Exercise requirements: Produce a word-for-word copy of the data that follows, excluding images.

Given data:
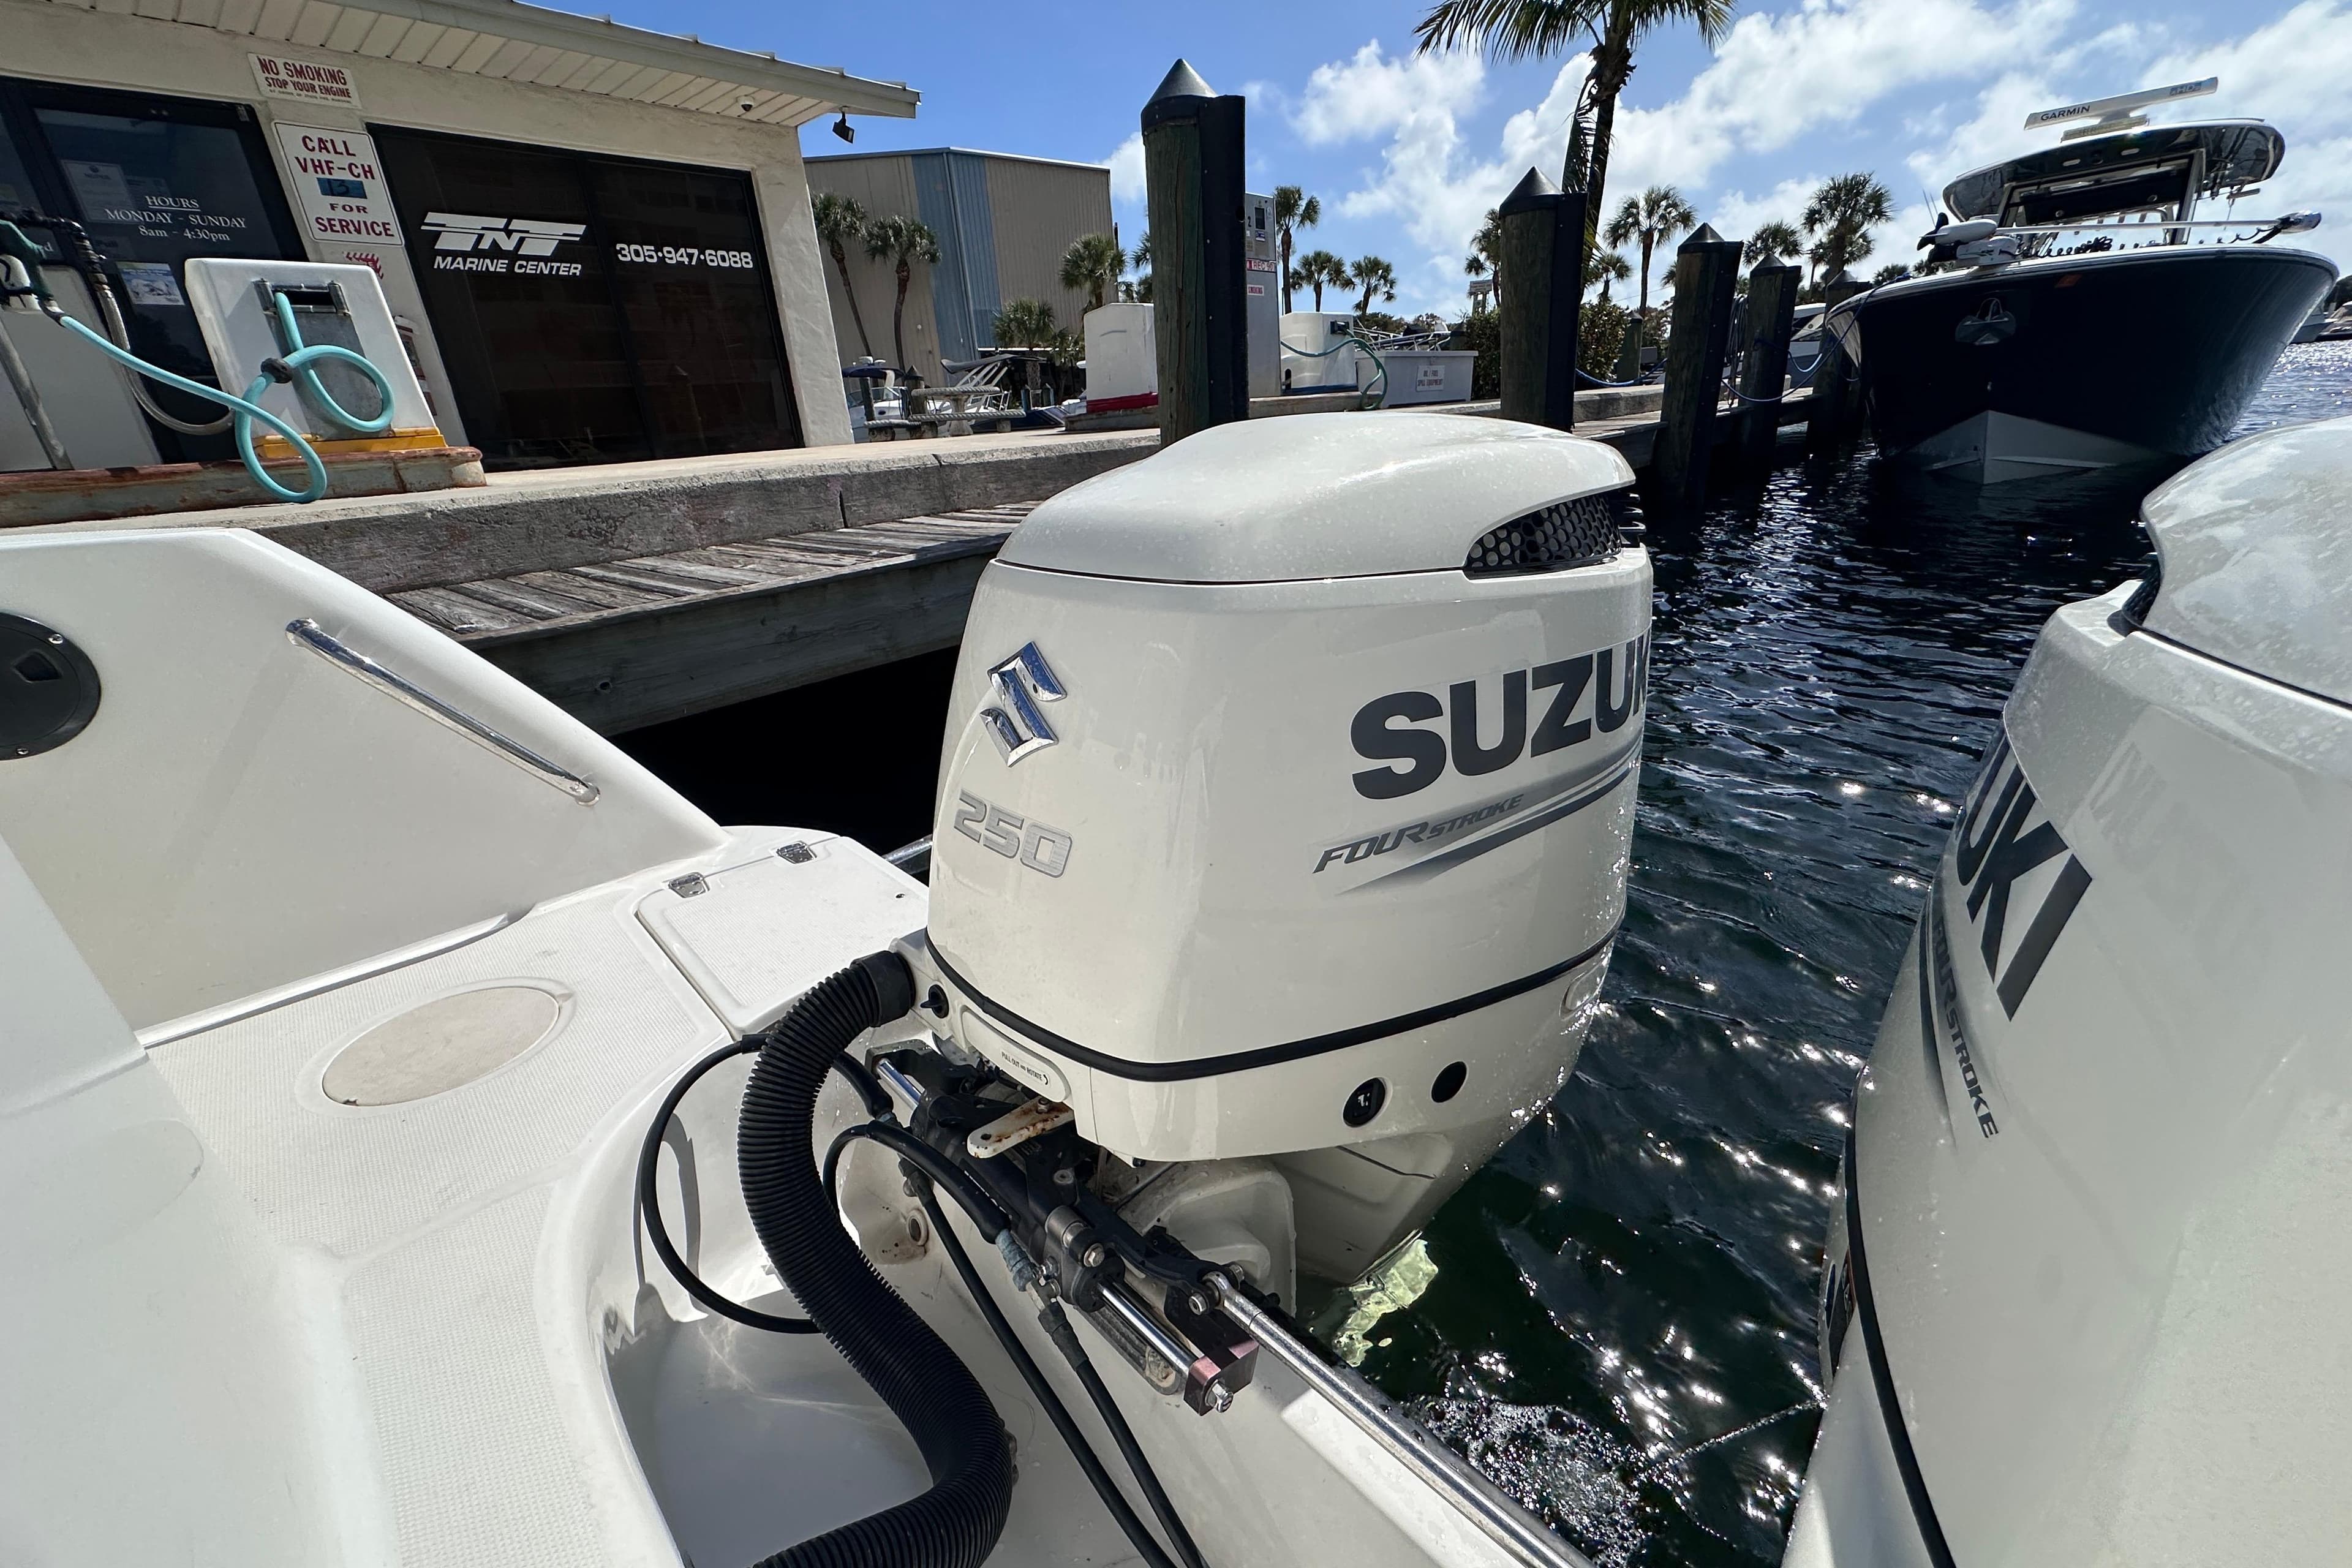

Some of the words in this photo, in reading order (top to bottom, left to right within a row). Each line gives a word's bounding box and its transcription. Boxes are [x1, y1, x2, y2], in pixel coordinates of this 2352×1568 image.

[257, 56, 279, 76] NO
[284, 62, 347, 86] SMOKING
[265, 77, 288, 89] STOP
[290, 80, 317, 93] YOUR
[318, 85, 352, 98] ENGINE
[2041, 105, 2090, 121] GARMIN
[301, 135, 356, 157] CALL
[295, 156, 375, 179] VHF-CH
[145, 196, 199, 209] HOURS
[330, 203, 368, 214] FOR
[105, 208, 173, 224] MONDAY
[189, 215, 247, 228] SUNDAY
[315, 217, 394, 237] SERVICE
[138, 225, 168, 238] 8am
[184, 228, 231, 243] 4:30pm
[420, 212, 587, 256] TNT
[434, 256, 508, 273] MARINE
[514, 260, 582, 276] CENTER
[1253, 261, 1265, 270] REC
[1350, 628, 1650, 799] SUZUK
[954, 788, 1073, 878] 250
[1956, 736, 2093, 1022] UKI
[1001, 1051, 1011, 1063] PULL
[1027, 1067, 1042, 1081] ROTATE
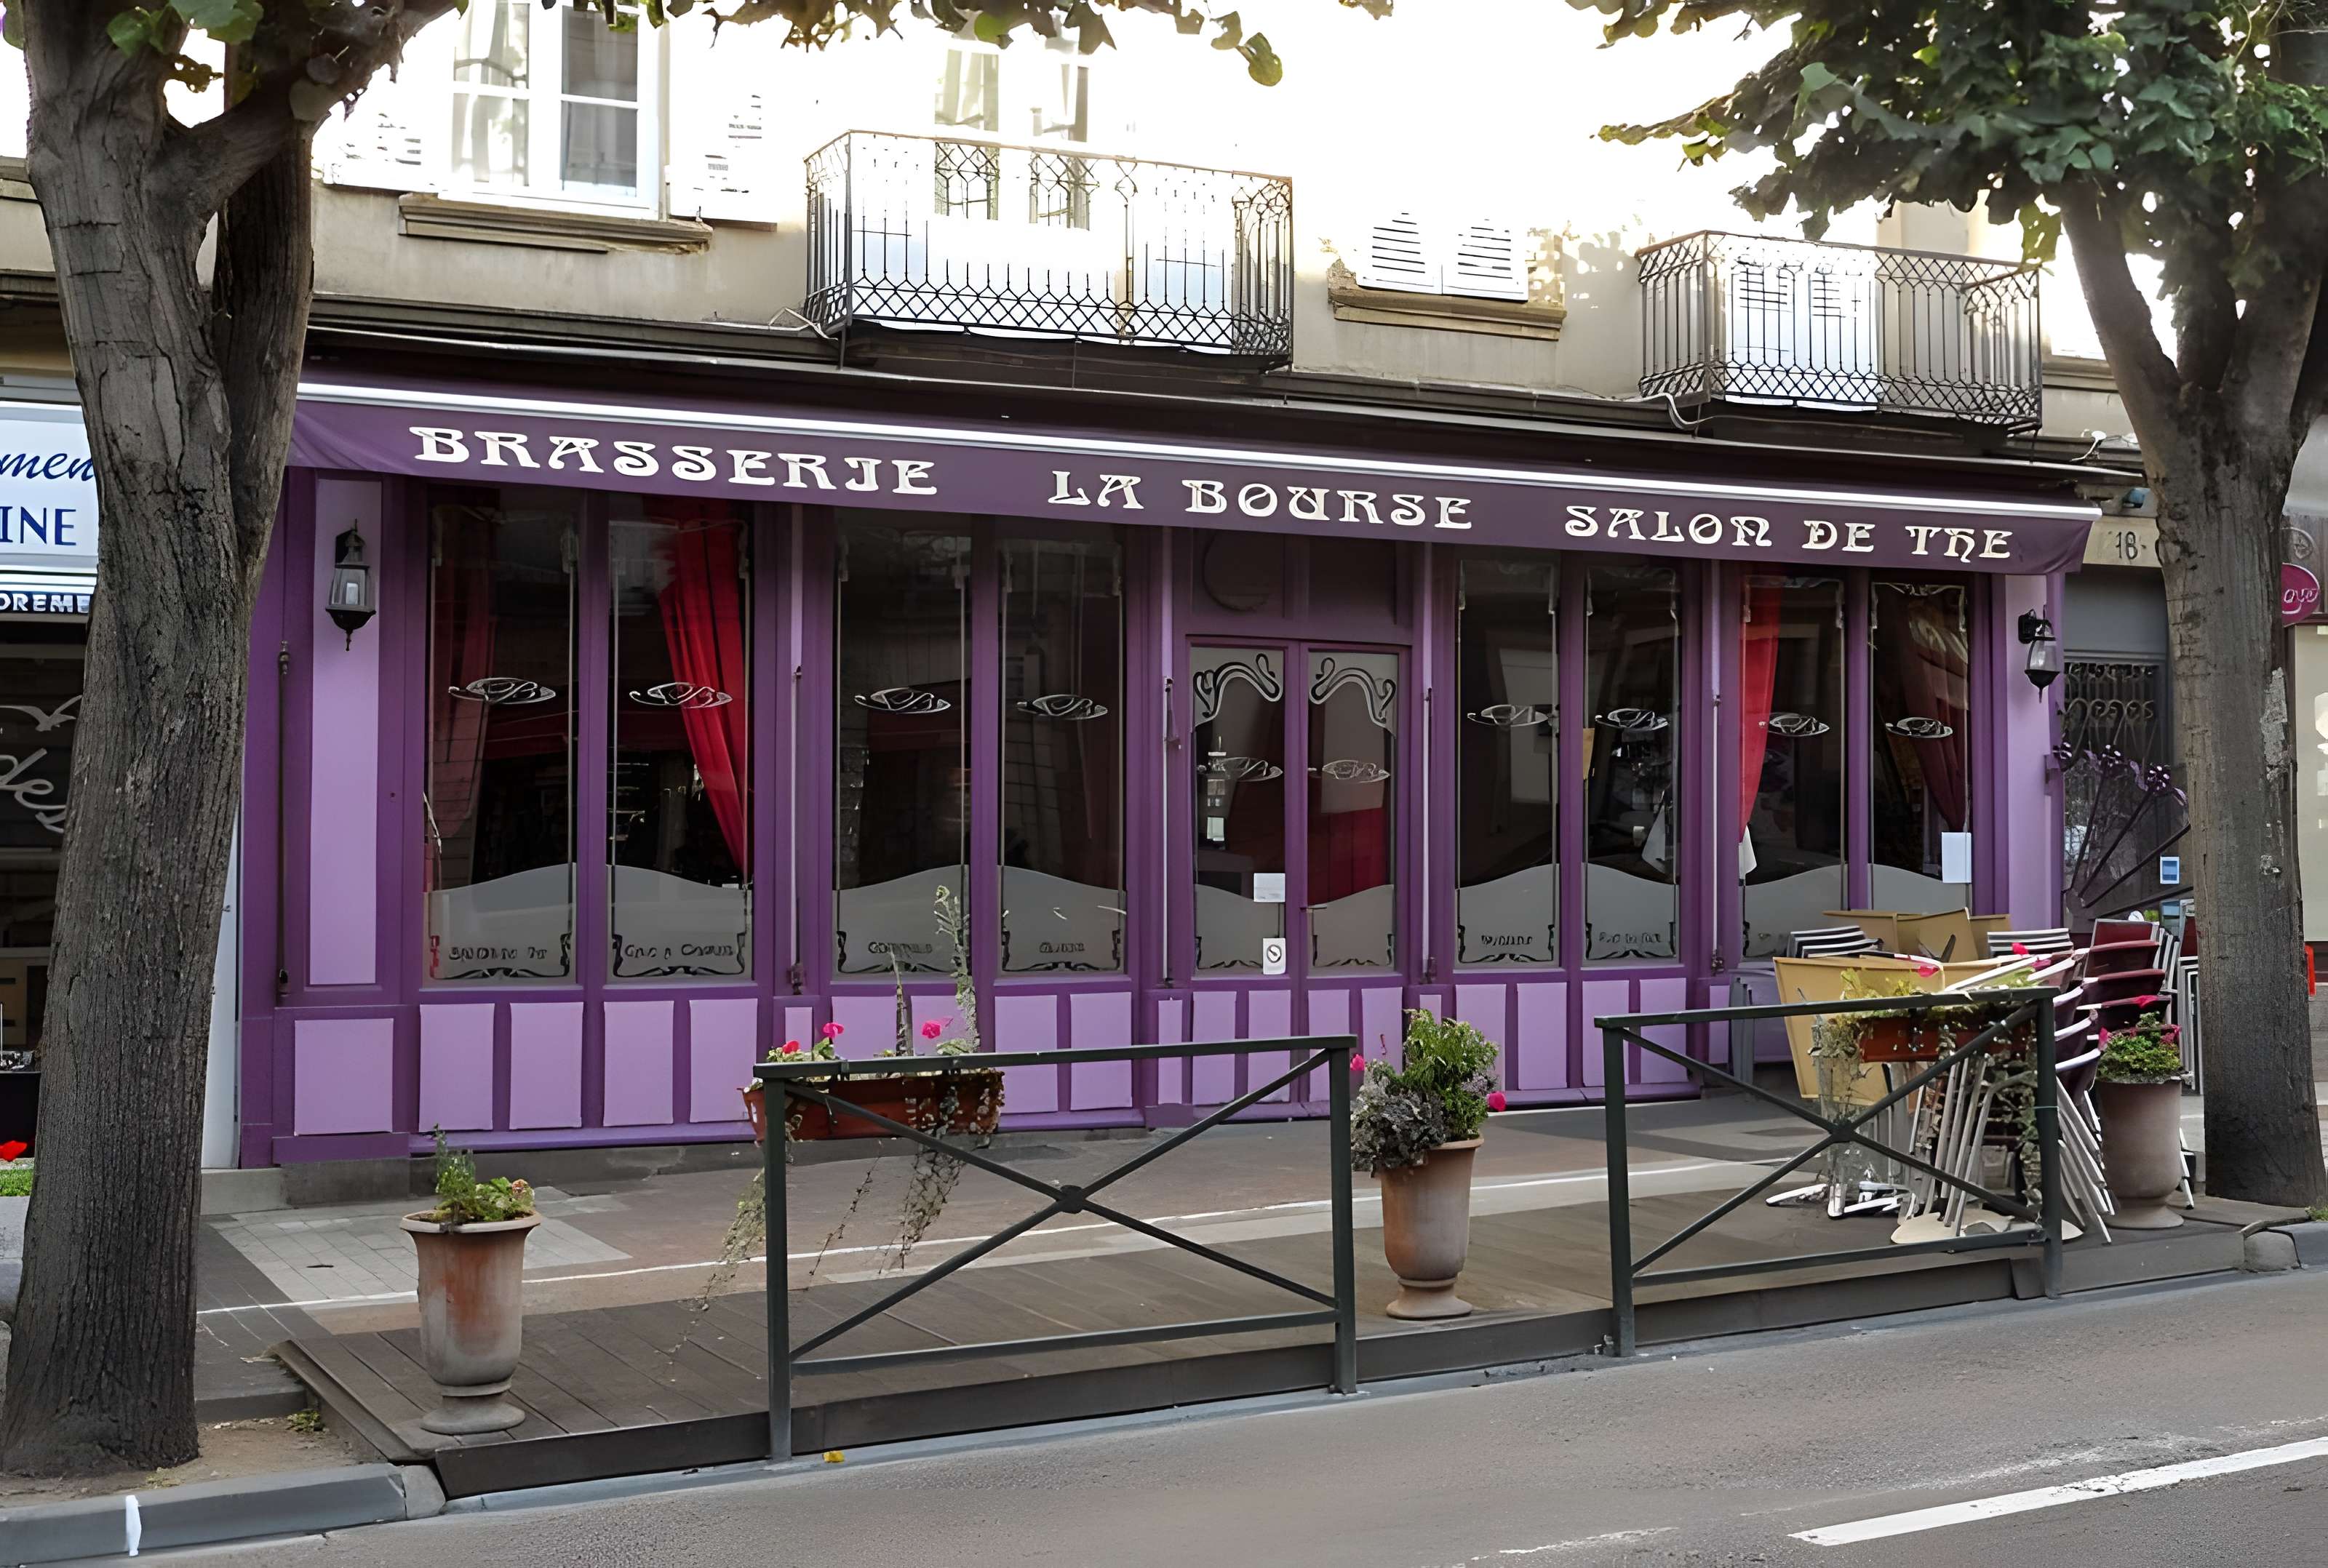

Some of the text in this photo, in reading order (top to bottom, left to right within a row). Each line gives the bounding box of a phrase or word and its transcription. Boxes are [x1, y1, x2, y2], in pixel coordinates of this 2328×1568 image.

[1048, 471, 1144, 510] LA
[1181, 479, 1472, 529] BOURSE
[1565, 505, 1772, 547] SALON
[1801, 520, 1875, 553] DE
[2116, 531, 2138, 560] 18
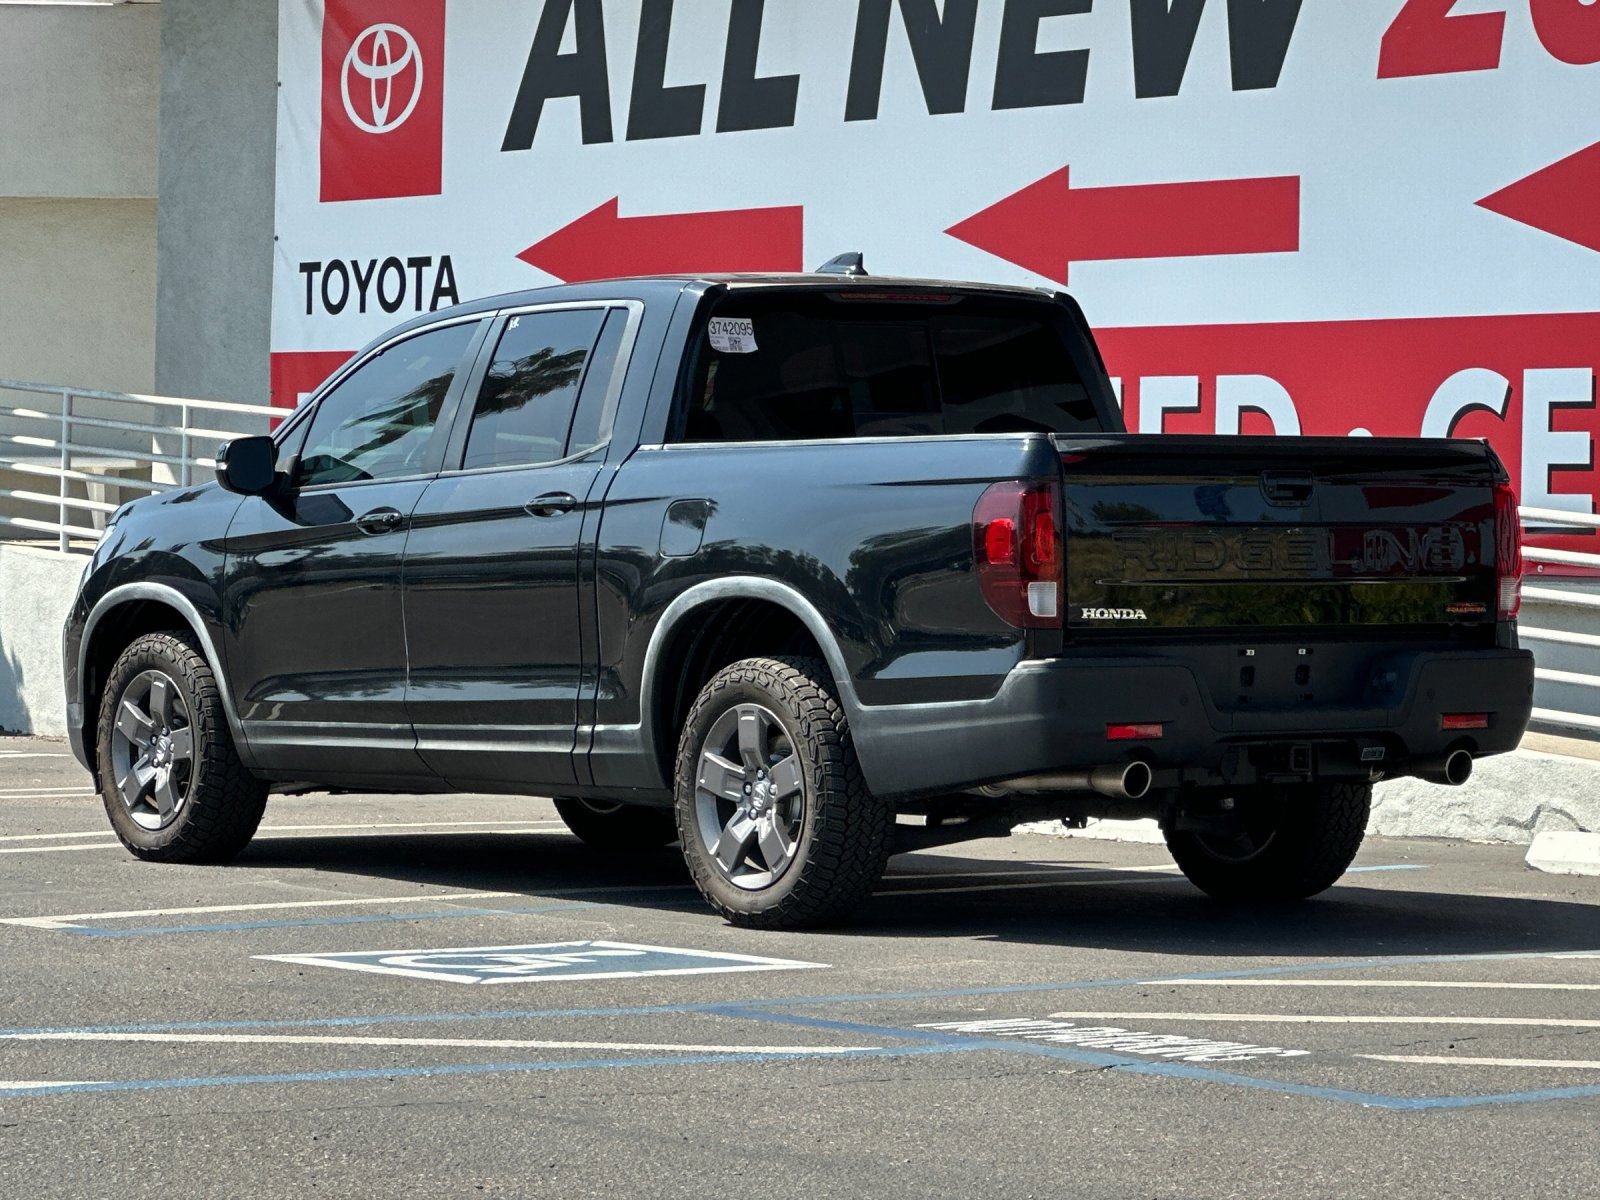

Solution to the exercise:
Some of the words in this photo, in reading order (top to bottom, left to right within a row). Each line gives a word's bounding box and its transcription. Boxes are [x1, y1, x2, y2], in pixel coordinates of this 2352×1568 image.

[257, 56, 279, 76] NO
[284, 62, 347, 86] SMOKING
[265, 77, 288, 89] STOP
[290, 80, 317, 93] YOUR
[318, 85, 352, 98] ENGINE
[2041, 105, 2090, 121] GARMIN
[301, 135, 356, 157] CALL
[295, 156, 375, 179] VHF-CH
[145, 196, 199, 209] HOURS
[330, 203, 368, 214] FOR
[105, 208, 173, 224] MONDAY
[189, 215, 247, 228] SUNDAY
[315, 217, 394, 237] SERVICE
[138, 225, 168, 238] 8am
[184, 228, 231, 243] 4:30pm
[420, 212, 587, 256] TNT
[434, 256, 508, 273] MARINE
[514, 260, 582, 276] CENTER
[1253, 261, 1265, 270] REC
[1350, 628, 1650, 799] SUZUK
[954, 788, 1073, 878] 250
[1956, 736, 2093, 1022] UKI
[1001, 1051, 1011, 1063] PULL
[1027, 1067, 1042, 1081] ROTATE

Some of the text in this photo, in reading order (top to bottom, left to right within a row). Each line gives the bounding box of a phrase or word and its transcription. Boxes are [x1, y1, x2, y2], in pixel coordinates of this 2328×1568 image.

[1048, 471, 1144, 510] LA
[1181, 479, 1472, 529] BOURSE
[1565, 505, 1772, 547] SALON
[1801, 520, 1875, 553] DE
[2116, 531, 2138, 560] 18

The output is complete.